Nolan v. Judicial Council of Third Circuit

346 F. Supp. 500, 1972 U.S. Dist. LEXIS 12541
CourtDistrict Court, D. New Jersey
DecidedJuly 29, 1972
DocketCiv. 769-72
StatusPublished
Cited by12 cases

This text of 346 F. Supp. 500 (Nolan v. Judicial Council of Third Circuit) is published on Counsel Stack Legal Research, covering District Court, D. New Jersey primary law. Counsel Stack provides free access to over 12 million legal documents including statutes, case law, regulations, and constitutions.

Bluebook
Nolan v. Judicial Council of Third Circuit, 346 F. Supp. 500, 1972 U.S. Dist. LEXIS 12541 (D.N.J. 1972).

Opinion

THOMSEN, District Judge. *

Plaintiff challenges on various grounds the validity of the following resolution adopted by the Judicial Council of the Third Circuit on February 10 and reaffirmed on April 12,1972:

“RESOLVED that in all bankruptcy proceedings this Council holds as incompatible the continued representation as attorney for the trustee by any lawyer or his firm who represents a third party who submits a plan for reorganization in the bankruptcy; and that the recusal by the attorney only from commenting on proposed .reorganization plans is not an adequate immunization from the appearance of a conflict of interest.”

The resolution was adopted with the immediate objective of causing the resignation or removal of plaintiff as attorney for the trustee in a Chapter X reorganization proceeding in this court.

The late Judge Robert Shaw had been handling the bankruptcy proceeding and had been communicating with Chief Judge Seitz of the Court of Appeals for the Third Circuit with respect thereto. Chief Judge Seitz sent Judge Shaw a copy of the resolution, which Judge . Shaw showed to plaintiff and gave him an opportunity to resign. Plaintiff refused, and filed the original complaint in the instant case on May 2, seeking relief by way of declaratory judgment, injunction, mandamus, or prohibition against enforcement of the resolution. Later that day Judge Shaw entered an order terminating the services of plaintiff as attorney for the trustee, without any formal notice or hearing, because Judge Shaw considered the resolution to be an order which he was bound to “carry into effect”. 28 U.S.C.A. § 332(d).

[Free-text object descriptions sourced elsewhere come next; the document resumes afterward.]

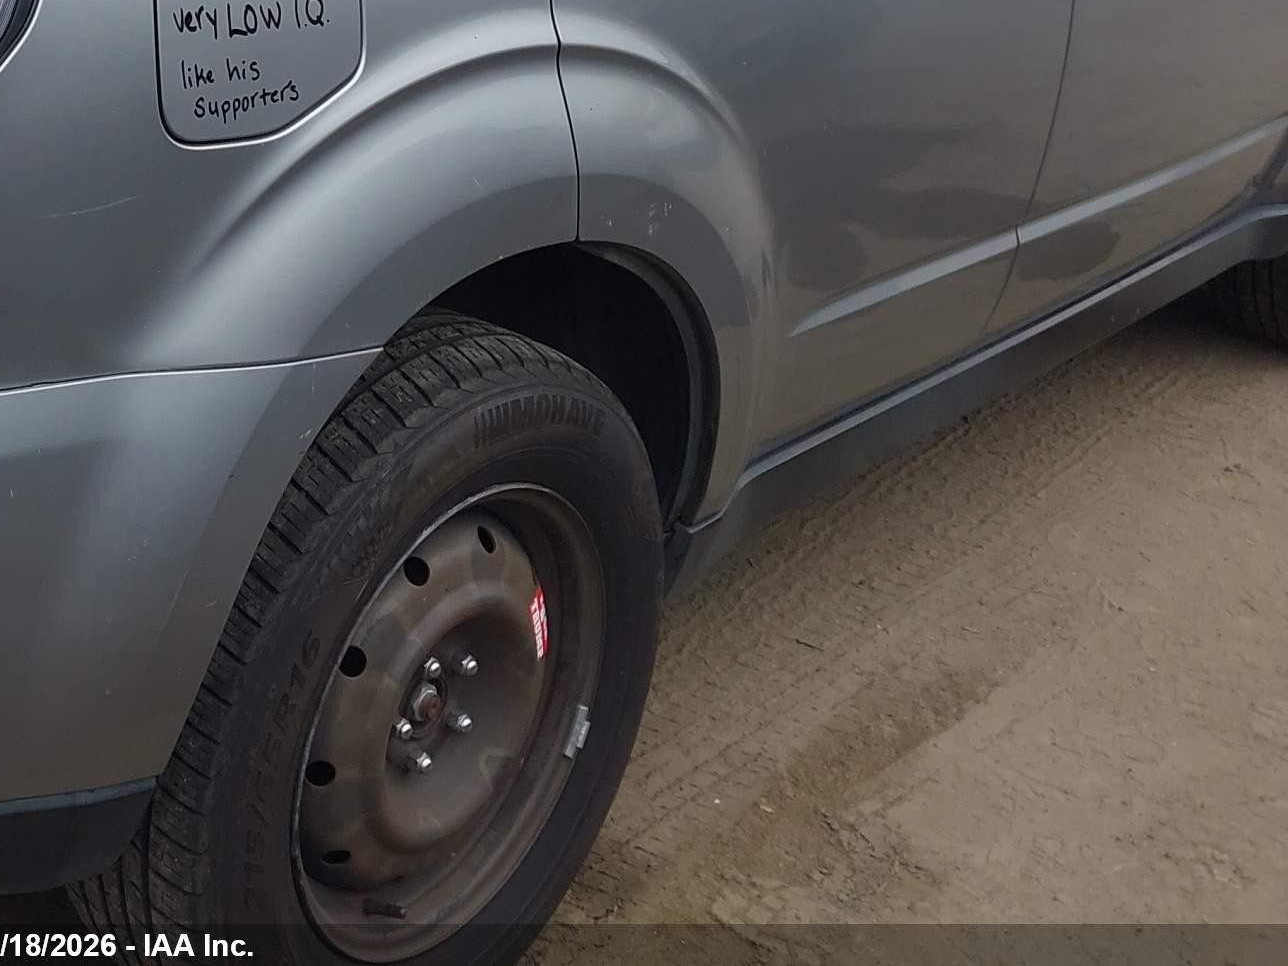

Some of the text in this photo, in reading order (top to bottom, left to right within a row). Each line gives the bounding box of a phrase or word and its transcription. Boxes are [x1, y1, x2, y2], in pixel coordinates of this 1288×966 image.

[173, 5, 218, 40] very
[226, 1, 281, 38] LOW
[181, 58, 261, 89] like his
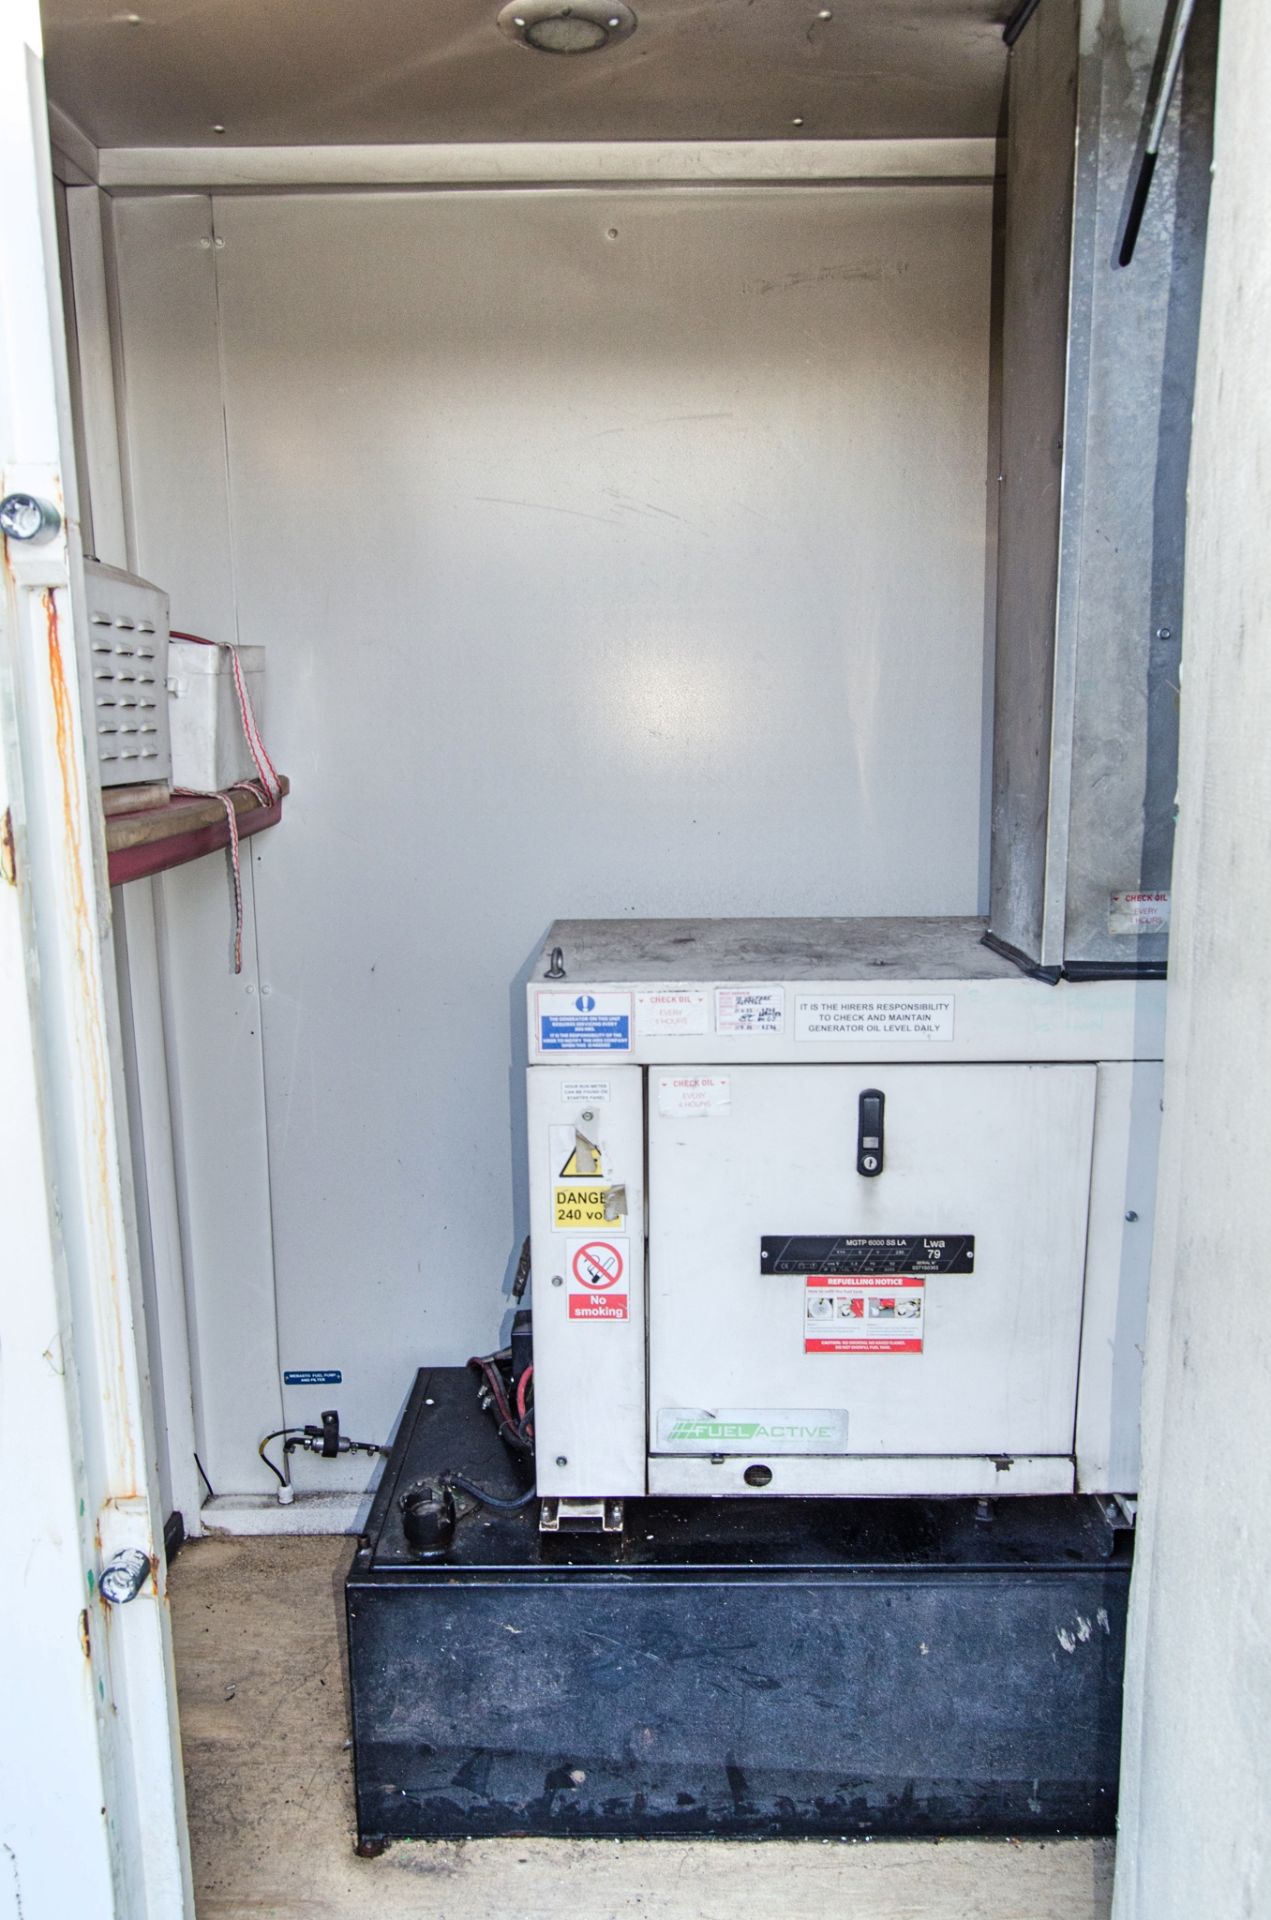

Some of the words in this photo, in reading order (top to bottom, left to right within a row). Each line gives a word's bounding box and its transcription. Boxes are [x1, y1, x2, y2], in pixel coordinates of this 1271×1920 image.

[1125, 894, 1153, 902] CHECK
[1154, 894, 1168, 902] OIL
[800, 1003, 808, 1011] IT
[810, 1003, 819, 1011] IS
[822, 1003, 838, 1011] THE
[841, 1003, 874, 1011] HIRERS
[876, 1003, 949, 1011] RESPONSIBILITY
[808, 1024, 864, 1032] GENERATOR
[866, 1024, 881, 1032] OIL
[883, 1024, 911, 1032] LEVEL
[914, 1024, 940, 1032] DAILY
[673, 1080, 700, 1088] CHECK
[701, 1079, 714, 1087] OIL
[556, 1191, 607, 1205] DANGE
[558, 1209, 582, 1220] 240
[923, 1238, 945, 1248] Lwa
[927, 1249, 941, 1259] 79
[827, 1278, 876, 1286] REFUELLING
[876, 1278, 904, 1286] NOTICE
[590, 1295, 607, 1305] No
[574, 1306, 624, 1318] smoking
[694, 1425, 752, 1437] FUEL
[754, 1426, 832, 1437] ACTIVE

After Judge Shaw had entered and later vacated a stay of his May 2 order, plaintiff filed an amended complaint herein, adding a fifth count in which he *502 alleged the entry of the May 2 order and sought judgment: (1, 2) declaring the acts and the resolution of the- Council to be in excess of its statutory and constitutional authority; (3) enjoining the Council from causing to be enforced the order of the District Court discharging him as attorney for the trustee; or alternatively, (4) “should the Court find that the Judicial Council has the power to make rules relating specifically to pending litigation, then plaintiff seeks a determination that Section 332 of Title 28 of the United States Code is unconstitutional to the extent that said statute delegates such powers to the Judicial Council, without providing for the definite standards required by the Constitution or the rudimentary requirements of due process.” Plaintiff also requested that a three-judge district court be impanelled.

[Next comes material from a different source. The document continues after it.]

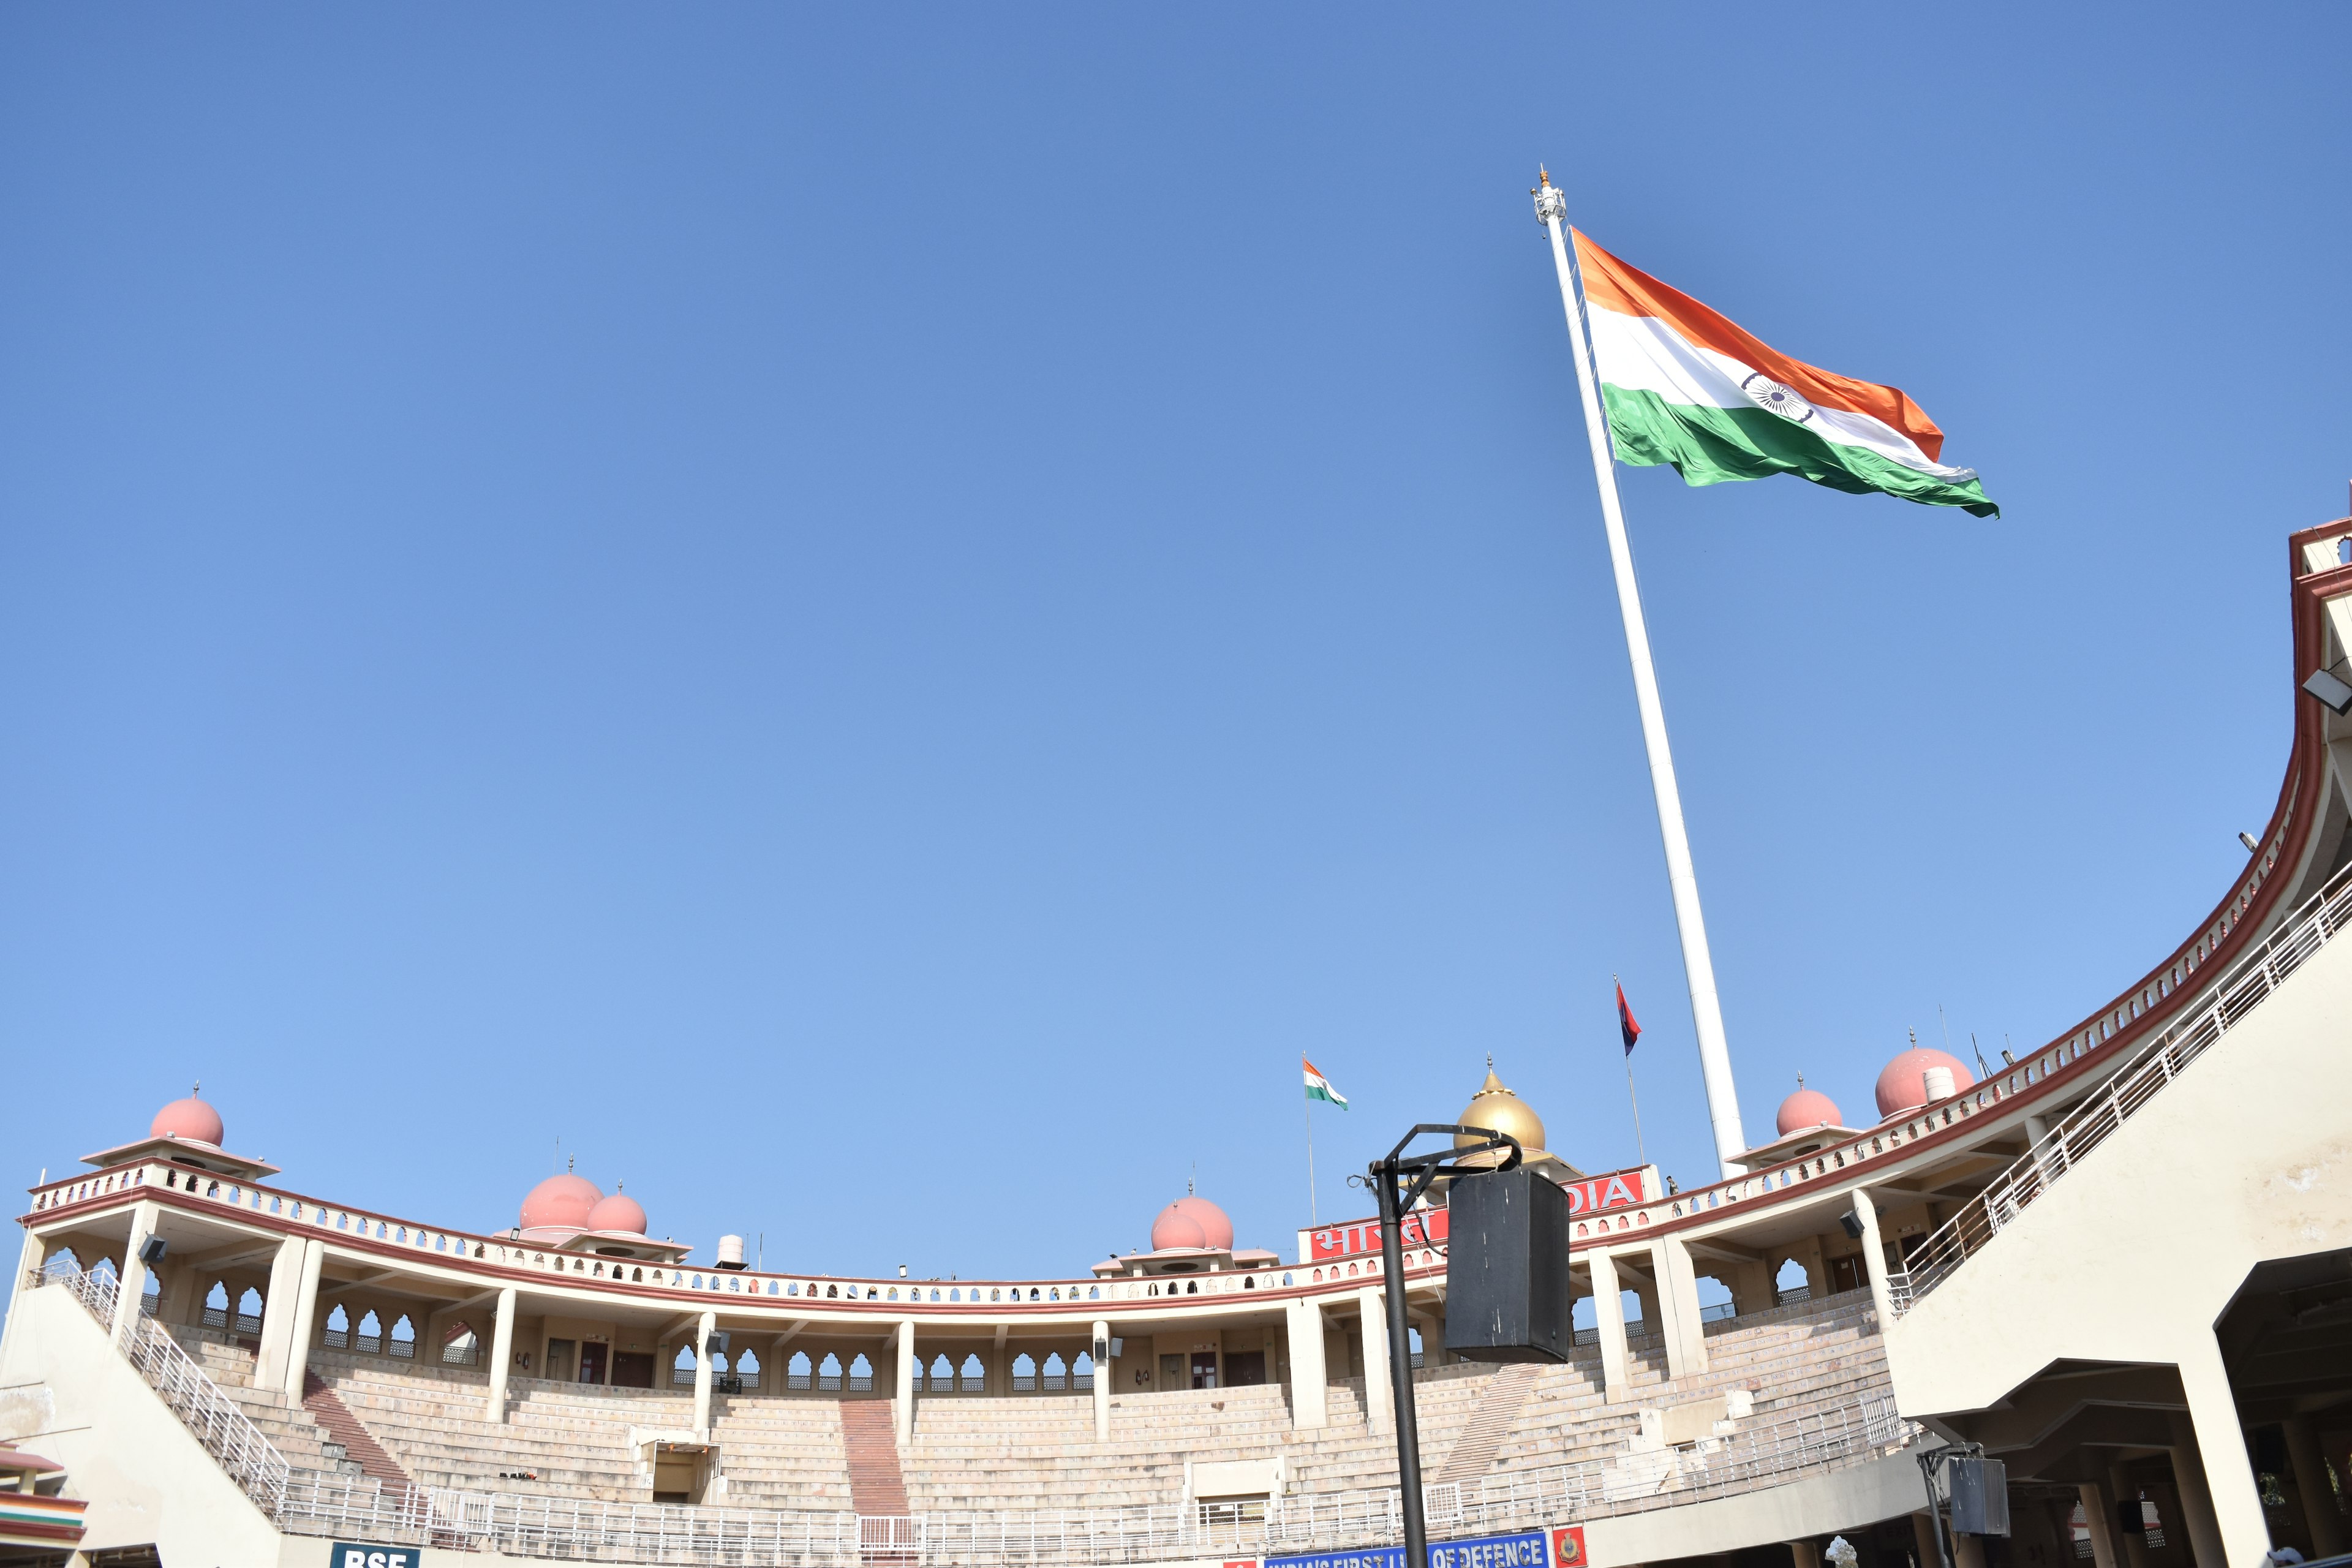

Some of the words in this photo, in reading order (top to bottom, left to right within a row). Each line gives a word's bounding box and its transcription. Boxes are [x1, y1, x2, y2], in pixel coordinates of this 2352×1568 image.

[1564, 1177, 1637, 1215] DIA
[1316, 1212, 1435, 1254] भात
[1433, 1548, 1455, 1568] OF
[1459, 1540, 1543, 1568] DEFENCE

On May 24 plaintiff filed in the Supreme Court a motion for leave to file a petition for writ of prohibition and/or mandamus and a petition for writ of prohibition and/or mandamus, raising similar questions.

On May 31 plaintiff entered an appeal to the Court of Appeals for the Third Circuit from the May 2 order of Judge Shaw terminating plaintiff’s services as attorney for the trustee.

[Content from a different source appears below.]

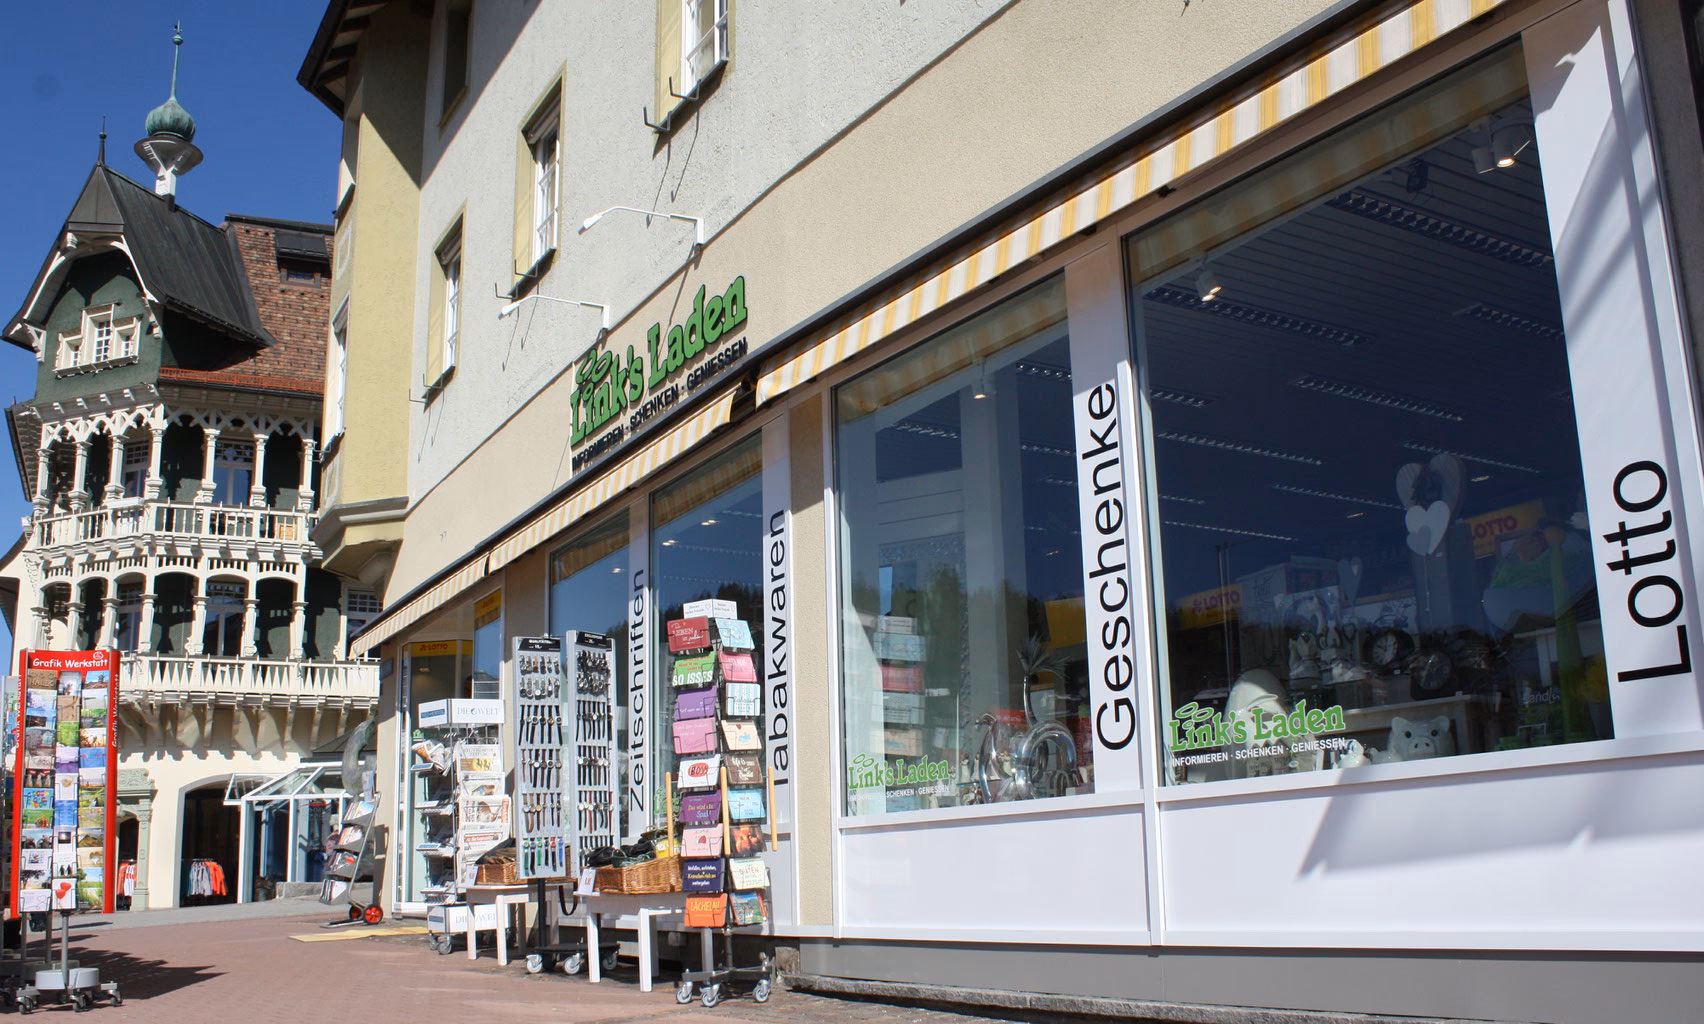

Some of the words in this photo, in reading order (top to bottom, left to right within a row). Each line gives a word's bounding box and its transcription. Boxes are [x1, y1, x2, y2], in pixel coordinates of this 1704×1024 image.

On June 9 the Chief Justice of the United States designated me to hold a district court in the District of New Jersey to handle the instant case.

The Judicial Council, represented by attorneys in the Department of Justice, has moved to dismiss the action in this court for lack of jurisdiction to grant the relief prayed and because the complaint does not state a claim on which relief can be granted, or, in the alternative, for summary judgment. The Judicial Council attached several exhibits to its motion, which will be treated as a motion for summary judgment.

At a hearing on the jurisdiction of this court to grant any of the relief sought by plaintiff, the parties stipulated that the following material may be considered a part of the record in this case so far as the several items or any portions thereof may be relevant to any issue herein: (1) the present record on the motion and petition filed by plaintiff in the Supreme Court; 1 (2) a report of the Securities and Exchange Commission; 2 (3) a letter from the attorney for the Judicial Council, stating that the Council does not operate under any formal rules, and that no material which is not currently in the record of this action was before the Council when it discussed and dealt with the matter at issue in this case; (4) the entire record in the Court of Appeals for the Third Circuit on the appeals numbered 18804-18809 and 71-1550-71-1556, 3 insofar as said records or any part thereof may be relevant and material to any issue in the instant ease or in the appeal which has been taken to the Court of Appeals for the Third Circuit from the May 2 order of Judge Shaw in the bankruptcy proceedings. 4

Plaintiff also filed at that hearing a set of 56 interrogatories to the defendant Council. The attorney for the Council asked for a protective order under Rule 26(c), F.R.Civ.P., that no discovery *503 be had or that discovery be stayed for 30 days after the ruling on the question of the jurisdiction of this court to grant any relief herein. In view of the stipulation summarized above, the interrogatories are not necessary to develop the facts relevant and material to the question of jurisdiction; no answers or objections thereto need be filed unless and until ordered by this court.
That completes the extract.